Hydrogen induced cracking (HIC) is a type of stress corrosion cracking (SCC) that occurs in metals and alloys exposed to hydrogen at high pressure and low temperatures. HIC is often observed in components used for oil and gas production, such as pipelines and pressure vessels, but can occur in any metal exposed to hydrogen. HIC is usually characterized by small cracks that develop in the metal surface, but can be so severe that entire components can fail.
HIC occurs when hydrogen molecules, typically in the form of hydrogen gas or water vapor, are exposed to the metal surface. Once on the metal surface, the hydrogen molecules can enter the metal lattice structure where they can displace other atoms, such as iron and carbon. Once inside the metal, the hydrogen molecules create stress concentrations, which can cause stresses to be concentrated in particular areas. If the stresses become too great, the metal can crack or fail.
HIC is most commonly observed in steels and alloys, such as stainless steel, nickel alloys, and low-alloy steels, but can occur in any metal or alloy exposed to hydrogen. It is most commonly observed at elevated temperatures; generally between 77°F and 400°F (25°C to 200°C). The severity of HIC is also typically greater at the higher end of this temperature range, but the exact temperatures can vary depending on the metal or alloy being evaluated.
In addition to temperature, the severity of HIC can also be influenced by other factors. The presence of exposed grain boundaries and the presence of non-metallic inclusions can increase the susceptibility of a metal or alloy to HIC. The amount of hydrogen on the metal surface and the amount of applied stress can also influence the severity of HIC.
To limit the severity of HIC, it is often necessary to limit the hydrogen exposure, reduce the temperature to minimise the severity of HIC, or to use low-sulfur or low-phosphorus alloys. In some cases, the use of special coatings on the metal surface can limit the amount of hydrogen that can enter the metal lattice structure. Additionally, annealing or tempering the metal can reduce the susceptibility of the metal or alloy to HIC.
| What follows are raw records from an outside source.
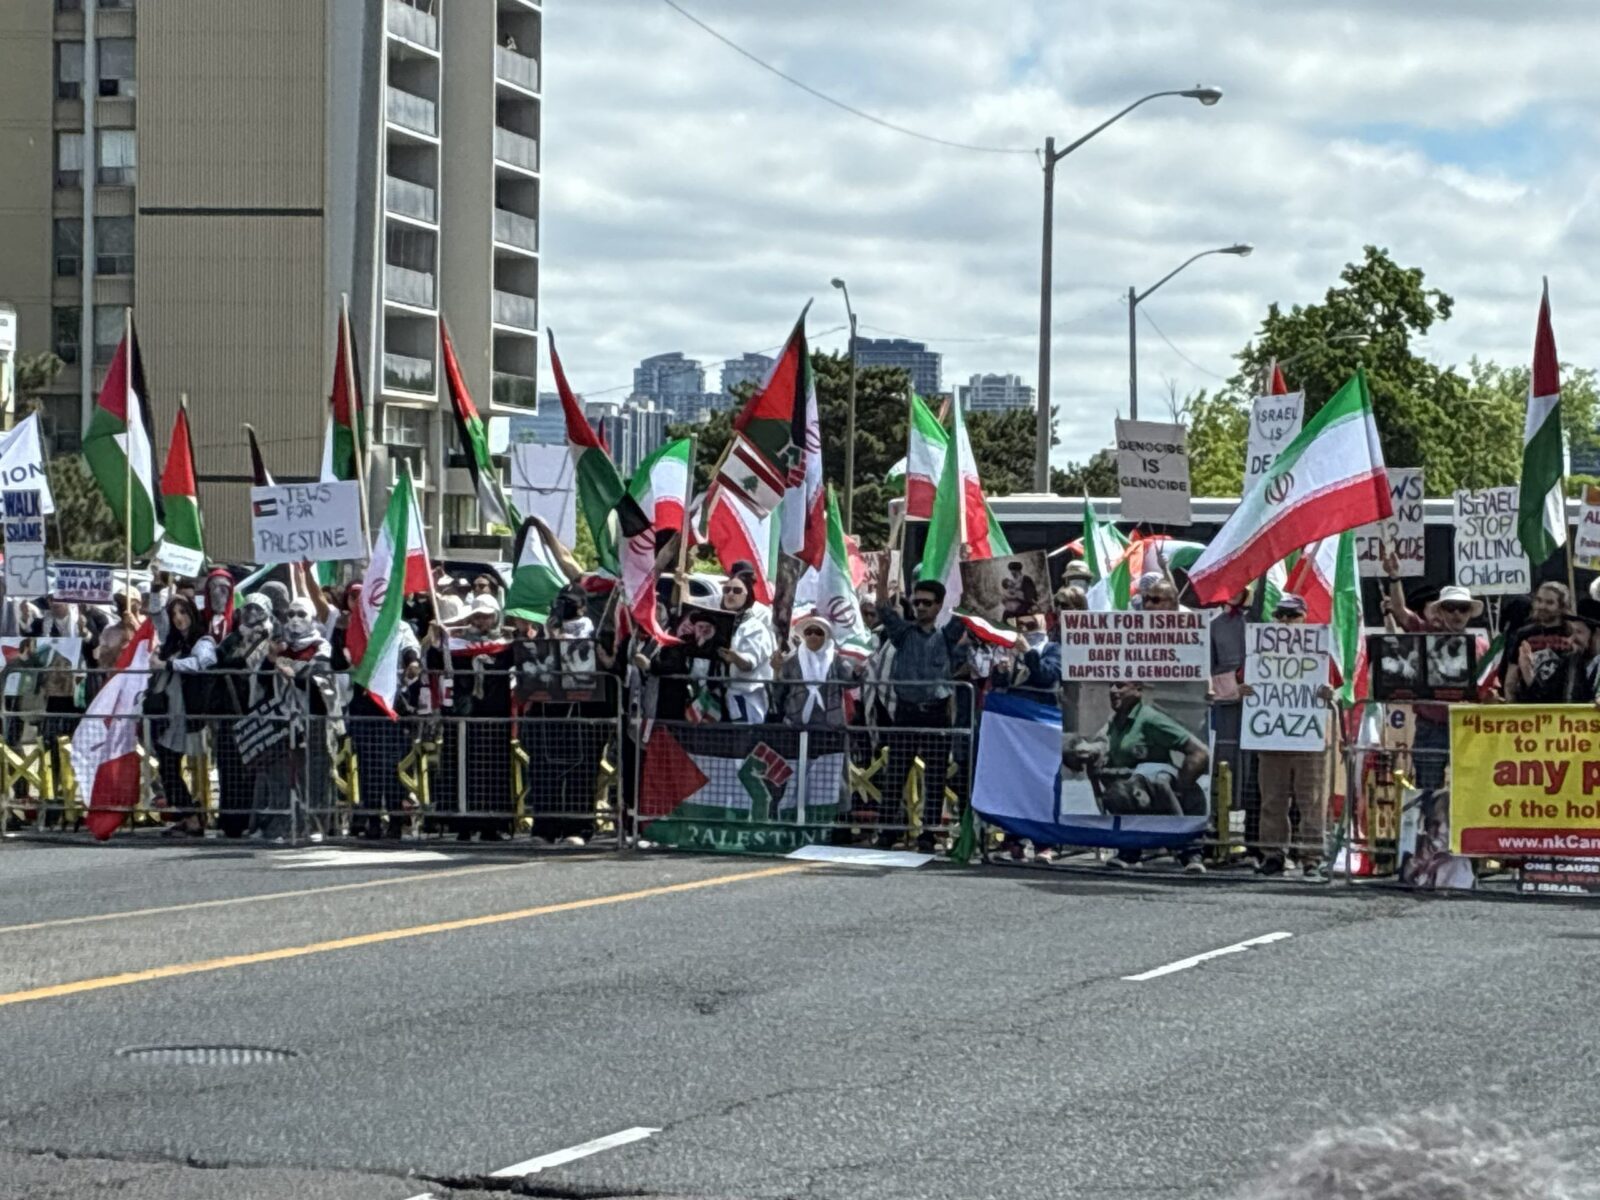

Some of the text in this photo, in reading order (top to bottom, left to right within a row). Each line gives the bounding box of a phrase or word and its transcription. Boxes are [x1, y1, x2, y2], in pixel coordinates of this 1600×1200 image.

[1256, 407, 1298, 423] ISRAEL
[1270, 427, 1283, 441] IS
[1119, 439, 1185, 455] GENOCIDE
[1142, 458, 1160, 474] IS
[1121, 476, 1187, 492] GENOCIDE
[4, 491, 41, 517] WALK
[280, 486, 332, 505] JEWS
[1459, 491, 1520, 517] ISRAEL
[286, 505, 313, 521] FOR
[7, 522, 42, 542] SHAME
[1464, 515, 1513, 538] STOP
[259, 527, 348, 553] PALESTINE
[1458, 562, 1525, 587] Children
[57, 580, 112, 591] SHAME
[1064, 614, 1206, 629] WALK FOR ISREAL
[1066, 632, 1204, 646] FOR WAR CRIMINALS,
[1254, 627, 1328, 655] ISRAEL
[1088, 649, 1181, 662] BABY KILLERS,
[1069, 665, 1202, 678] RAPISTS & GENOCIDE
[1258, 656, 1319, 679] STOP
[1250, 709, 1324, 739] GAZA
[1559, 714, 1600, 734] has
[1514, 735, 1592, 753] to rule
[1493, 760, 1571, 795] any
[1488, 799, 1512, 818] of
[1520, 799, 1558, 818] the
[1524, 862, 1600, 873] ONE CAUSE
HIC can be detected using nondestructive testing techniques, such as ultrasonic testing, eddy current testing, or direct current voltage drop (DCVG) testing. These techniques can detect the presence of small cracks on the metal surface, indicating the presence of HIC.
In conclusion, hydrogen induced cracking (HIC) is a type of stress corrosion cracking (SCC) that can occur in any metal or alloy exposed to hydrogen at elevated temperatures. HIC is characterized by small cracks on the metal surface, and if left untreated, can lead to catastrophic failure. HIC can be prevented by limiting the hydrogen exposure, reducing the temperature, or using low-sulfur or low-phosphorus alloys. HIC can also be detected using nondestructive testing techniques.